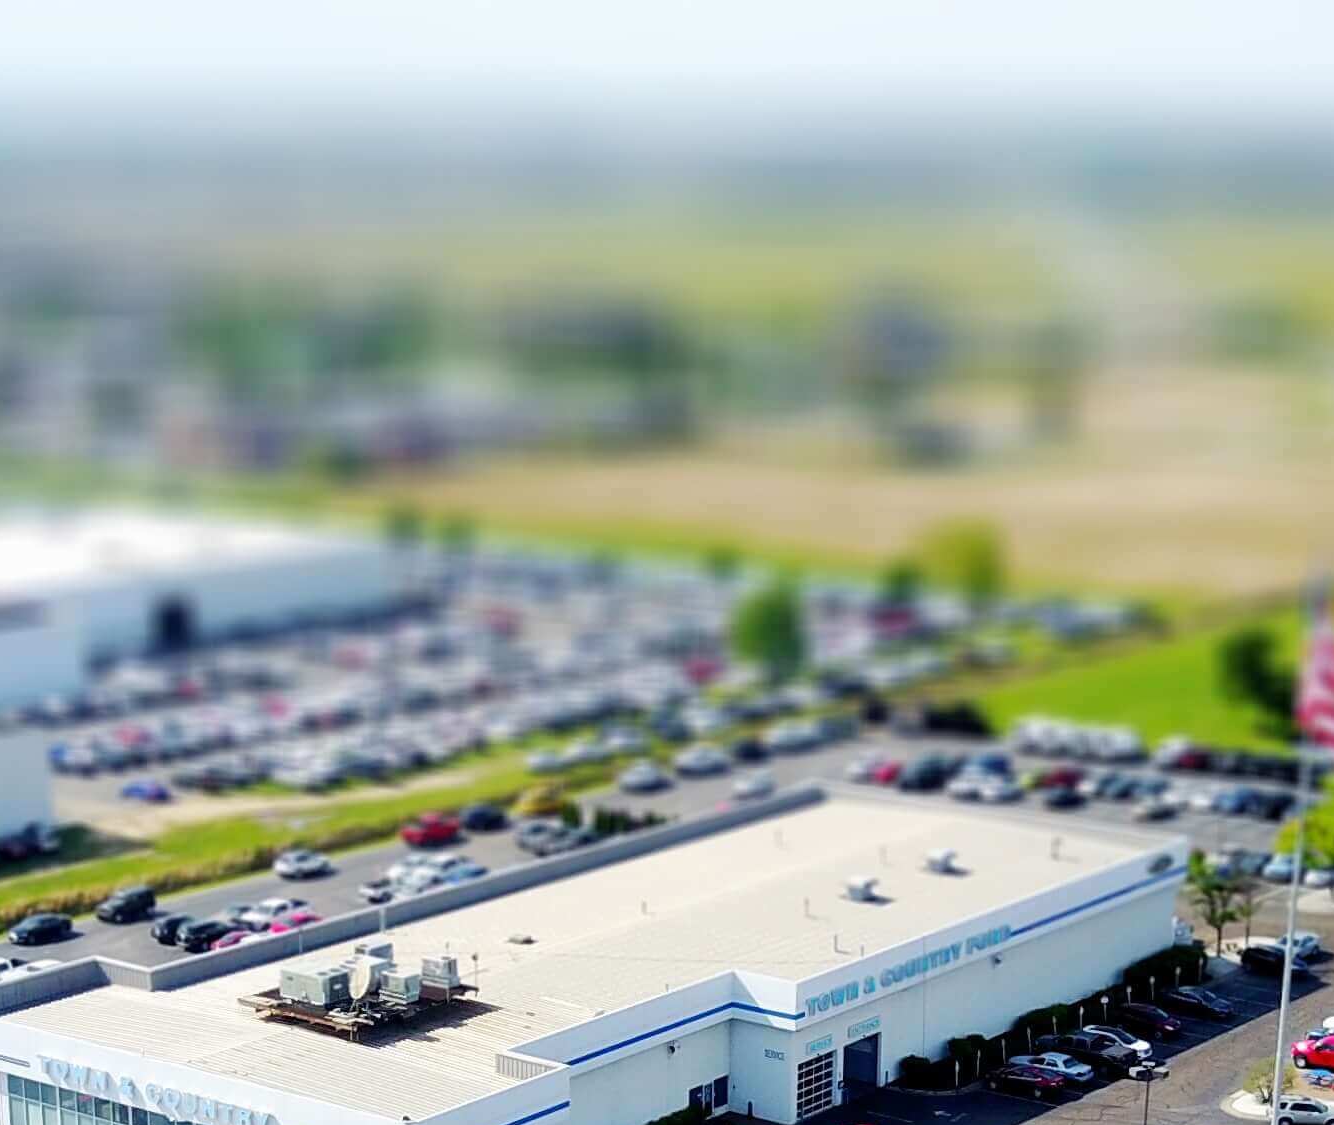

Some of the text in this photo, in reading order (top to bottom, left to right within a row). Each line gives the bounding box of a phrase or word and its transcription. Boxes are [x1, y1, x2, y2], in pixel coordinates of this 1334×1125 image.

[805, 980, 859, 1017] TOWN
[863, 974, 875, 995] &
[880, 942, 962, 988] COUNTRY
[38, 1055, 110, 1091] TOWN

——

• Your objective
Please set down each line of the data above exactly as written, without the pictures.

• Finished task
Some of the text in this photo, in reading order (top to bottom, left to right within a row). Each line gives the bounding box of a phrase or word and its transcription. Boxes are [x1, y1, x2, y2], in pixel coordinates of this 1334×1125 image.

[805, 980, 859, 1017] TOWN
[863, 974, 875, 995] &
[880, 942, 962, 988] COUNTRY
[38, 1055, 110, 1091] TOWN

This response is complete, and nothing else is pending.